IFT20 moves in cell bodies and cilia. (A and B) Time-lapse fluorescence images of cells LLC-PK1 cells expressing IFT20-GFP were taken every 0.75 s for 26 s. These were adjusted for contrast and assembled into a movie that plays at ∼5× normal speed. (A) To illustrate the two types of movements observed, three frames (12–14) are shown. The longest arrow marks the basal body. The broad arrow marks IFT20 in the Golgi complex. The three small arrows mark the position of a particle moving from the basal body to the ciliary tip (anterograde movement).
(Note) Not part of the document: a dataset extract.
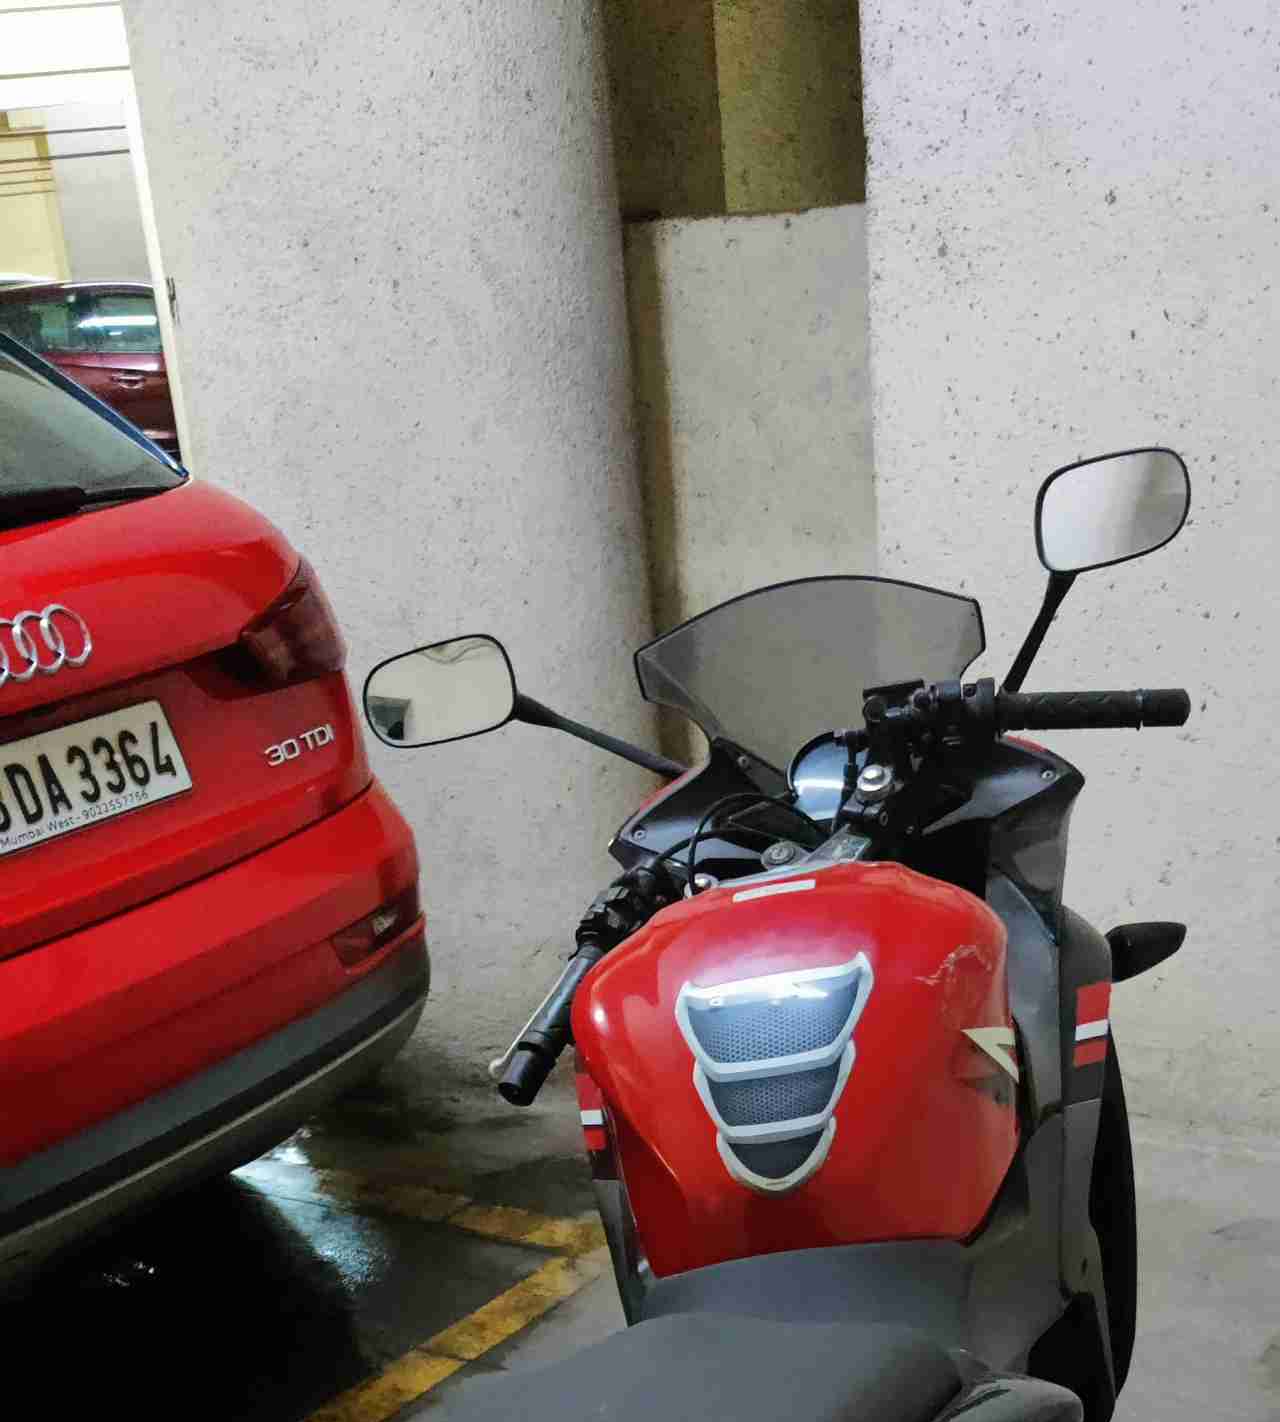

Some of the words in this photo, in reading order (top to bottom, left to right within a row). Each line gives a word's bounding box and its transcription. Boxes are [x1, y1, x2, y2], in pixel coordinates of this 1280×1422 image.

[66, 720, 178, 804] 3364
[264, 738, 300, 767] 30
[300, 723, 334, 751] TDI
The position of the particle in each frame is marked by an asterisk (*). The arrowhead marks the position of a focus of IFT20-GFP that is moving rapidly in the cytoplasm. In the movie, this focus appears near the basal body, moves out into the cell, and then returns back to the basal body. Size bar, 2 μm long. (B) Kymographs showing IFT20-GFP movement in the two cilia in the movie. The top panel of each pair shows the raw kymographs, whereas lines have been drawn on the bottom panel to mark the moving particles. Anterograde particles show upward sloping lines, whereas retrograde particles show downward sloping lines. (C) Five image Z-stacks were taken of IMCD3 cells expressing IFT20-GFP every 150 ms. The Z-stacks were deconvolved, reduced to a single plane by summing, and assembled into a movie. In C three sequential frames from the movie were pseudocolored red, green, or blue (images 2, 3, and 4), and the three images were combined (images 2–4). The discrete colors in the combined image indicate that the IFT20-GFP is highly dynamic. The arrow in image 3 points to a tubular structure moving into the cilium.